Nothing should differ between your answer and the records.
===============
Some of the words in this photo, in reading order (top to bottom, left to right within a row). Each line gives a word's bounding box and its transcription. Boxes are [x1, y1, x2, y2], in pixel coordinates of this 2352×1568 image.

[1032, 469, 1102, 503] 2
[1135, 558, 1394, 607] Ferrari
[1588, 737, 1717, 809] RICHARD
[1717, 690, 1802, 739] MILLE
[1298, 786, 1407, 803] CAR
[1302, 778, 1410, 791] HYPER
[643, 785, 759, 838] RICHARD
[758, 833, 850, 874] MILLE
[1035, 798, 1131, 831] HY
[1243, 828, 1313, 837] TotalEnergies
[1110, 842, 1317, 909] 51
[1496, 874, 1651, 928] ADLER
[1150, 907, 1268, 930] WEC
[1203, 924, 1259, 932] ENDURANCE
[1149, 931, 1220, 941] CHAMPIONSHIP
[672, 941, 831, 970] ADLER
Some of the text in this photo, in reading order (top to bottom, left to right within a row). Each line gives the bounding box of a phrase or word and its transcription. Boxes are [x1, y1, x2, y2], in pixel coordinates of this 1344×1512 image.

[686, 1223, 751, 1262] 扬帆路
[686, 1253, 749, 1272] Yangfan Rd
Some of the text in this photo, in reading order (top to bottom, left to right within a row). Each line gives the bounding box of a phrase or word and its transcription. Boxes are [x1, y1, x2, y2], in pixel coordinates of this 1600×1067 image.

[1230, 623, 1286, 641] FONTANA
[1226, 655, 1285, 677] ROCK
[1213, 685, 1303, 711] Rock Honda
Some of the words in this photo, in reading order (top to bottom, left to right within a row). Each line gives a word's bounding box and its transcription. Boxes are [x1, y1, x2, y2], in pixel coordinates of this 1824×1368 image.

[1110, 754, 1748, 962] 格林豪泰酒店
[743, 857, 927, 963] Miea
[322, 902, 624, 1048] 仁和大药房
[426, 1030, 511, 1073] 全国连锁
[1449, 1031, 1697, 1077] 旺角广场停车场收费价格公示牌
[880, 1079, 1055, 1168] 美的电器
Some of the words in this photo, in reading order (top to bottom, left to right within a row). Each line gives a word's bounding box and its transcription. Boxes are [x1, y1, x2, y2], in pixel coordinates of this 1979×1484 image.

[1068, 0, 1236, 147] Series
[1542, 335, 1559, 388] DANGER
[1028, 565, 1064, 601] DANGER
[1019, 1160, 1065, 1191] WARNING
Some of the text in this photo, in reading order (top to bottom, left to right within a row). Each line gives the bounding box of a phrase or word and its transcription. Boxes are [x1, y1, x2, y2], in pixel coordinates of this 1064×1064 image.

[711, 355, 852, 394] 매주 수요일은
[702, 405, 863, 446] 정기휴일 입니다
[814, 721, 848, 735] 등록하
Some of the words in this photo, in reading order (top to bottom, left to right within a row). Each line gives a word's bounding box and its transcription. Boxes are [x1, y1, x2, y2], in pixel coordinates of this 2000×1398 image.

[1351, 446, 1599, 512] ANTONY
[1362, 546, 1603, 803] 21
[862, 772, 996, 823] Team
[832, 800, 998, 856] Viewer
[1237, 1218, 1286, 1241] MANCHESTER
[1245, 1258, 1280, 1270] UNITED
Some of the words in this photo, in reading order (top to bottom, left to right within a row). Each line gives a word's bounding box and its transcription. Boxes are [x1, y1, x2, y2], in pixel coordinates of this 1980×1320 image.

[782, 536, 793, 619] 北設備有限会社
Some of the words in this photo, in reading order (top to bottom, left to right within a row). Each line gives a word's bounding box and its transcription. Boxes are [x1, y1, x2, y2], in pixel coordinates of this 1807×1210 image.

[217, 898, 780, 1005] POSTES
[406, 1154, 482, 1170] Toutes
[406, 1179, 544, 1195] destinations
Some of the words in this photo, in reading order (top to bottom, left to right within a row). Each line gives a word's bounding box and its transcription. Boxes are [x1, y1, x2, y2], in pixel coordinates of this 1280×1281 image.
===============
**Response area**
Some of the words in this photo, in reading order (top to bottom, left to right within a row). Each line gives a word's bounding box and its transcription. Boxes are [x1, y1, x2, y2], in pixel coordinates of this 2352×1568 image.

[1032, 469, 1102, 503] 2
[1135, 558, 1394, 607] Ferrari
[1588, 737, 1717, 809] RICHARD
[1717, 690, 1802, 739] MILLE
[1298, 786, 1407, 803] CAR
[1302, 778, 1410, 791] HYPER
[643, 785, 759, 838] RICHARD
[758, 833, 850, 874] MILLE
[1035, 798, 1131, 831] HY
[1243, 828, 1313, 837] TotalEnergies
[1110, 842, 1317, 909] 51
[1496, 874, 1651, 928] ADLER
[1150, 907, 1268, 930] WEC
[1203, 924, 1259, 932] ENDURANCE
[1149, 931, 1220, 941] CHAMPIONSHIP
[672, 941, 831, 970] ADLER
Some of the text in this photo, in reading order (top to bottom, left to right within a row). Each line gives the bounding box of a phrase or word and its transcription. Boxes are [x1, y1, x2, y2], in pixel coordinates of this 1344×1512 image.

[686, 1223, 751, 1262] 扬帆路
[686, 1253, 749, 1272] Yangfan Rd
Some of the text in this photo, in reading order (top to bottom, left to right within a row). Each line gives the bounding box of a phrase or word and its transcription. Boxes are [x1, y1, x2, y2], in pixel coordinates of this 1600×1067 image.

[1230, 623, 1286, 641] FONTANA
[1226, 655, 1285, 677] ROCK
[1213, 685, 1303, 711] Rock Honda
Some of the words in this photo, in reading order (top to bottom, left to right within a row). Each line gives a word's bounding box and its transcription. Boxes are [x1, y1, x2, y2], in pixel coordinates of this 1824×1368 image.

[1110, 754, 1748, 962] 格林豪泰酒店
[743, 857, 927, 963] Miea
[322, 902, 624, 1048] 仁和大药房
[426, 1030, 511, 1073] 全国连锁
[1449, 1031, 1697, 1077] 旺角广场停车场收费价格公示牌
[880, 1079, 1055, 1168] 美的电器
Some of the words in this photo, in reading order (top to bottom, left to right within a row). Each line gives a word's bounding box and its transcription. Boxes are [x1, y1, x2, y2], in pixel coordinates of this 1979×1484 image.

[1068, 0, 1236, 147] Series
[1542, 335, 1559, 388] DANGER
[1028, 565, 1064, 601] DANGER
[1019, 1160, 1065, 1191] WARNING
Some of the text in this photo, in reading order (top to bottom, left to right within a row). Each line gives the bounding box of a phrase or word and its transcription. Boxes are [x1, y1, x2, y2], in pixel coordinates of this 1064×1064 image.

[711, 355, 852, 394] 매주 수요일은
[702, 405, 863, 446] 정기휴일 입니다
[814, 721, 848, 735] 등록하
Some of the words in this photo, in reading order (top to bottom, left to right within a row). Each line gives a word's bounding box and its transcription. Boxes are [x1, y1, x2, y2], in pixel coordinates of this 2000×1398 image.

[1351, 446, 1599, 512] ANTONY
[1362, 546, 1603, 803] 21
[862, 772, 996, 823] Team
[832, 800, 998, 856] Viewer
[1237, 1218, 1286, 1241] MANCHESTER
[1245, 1258, 1280, 1270] UNITED
Some of the words in this photo, in reading order (top to bottom, left to right within a row). Each line gives a word's bounding box and its transcription. Boxes are [x1, y1, x2, y2], in pixel coordinates of this 1980×1320 image.

[782, 536, 793, 619] 北設備有限会社
Some of the words in this photo, in reading order (top to bottom, left to right within a row). Each line gives a word's bounding box and its transcription. Boxes are [x1, y1, x2, y2], in pixel coordinates of this 1807×1210 image.

[217, 898, 780, 1005] POSTES
[406, 1154, 482, 1170] Toutes
[406, 1179, 544, 1195] destinations
Some of the words in this photo, in reading order (top to bottom, left to right within a row). Each line gives a word's bounding box and its transcription. Boxes are [x1, y1, x2, y2], in pixel coordinates of this 1280×1281 image.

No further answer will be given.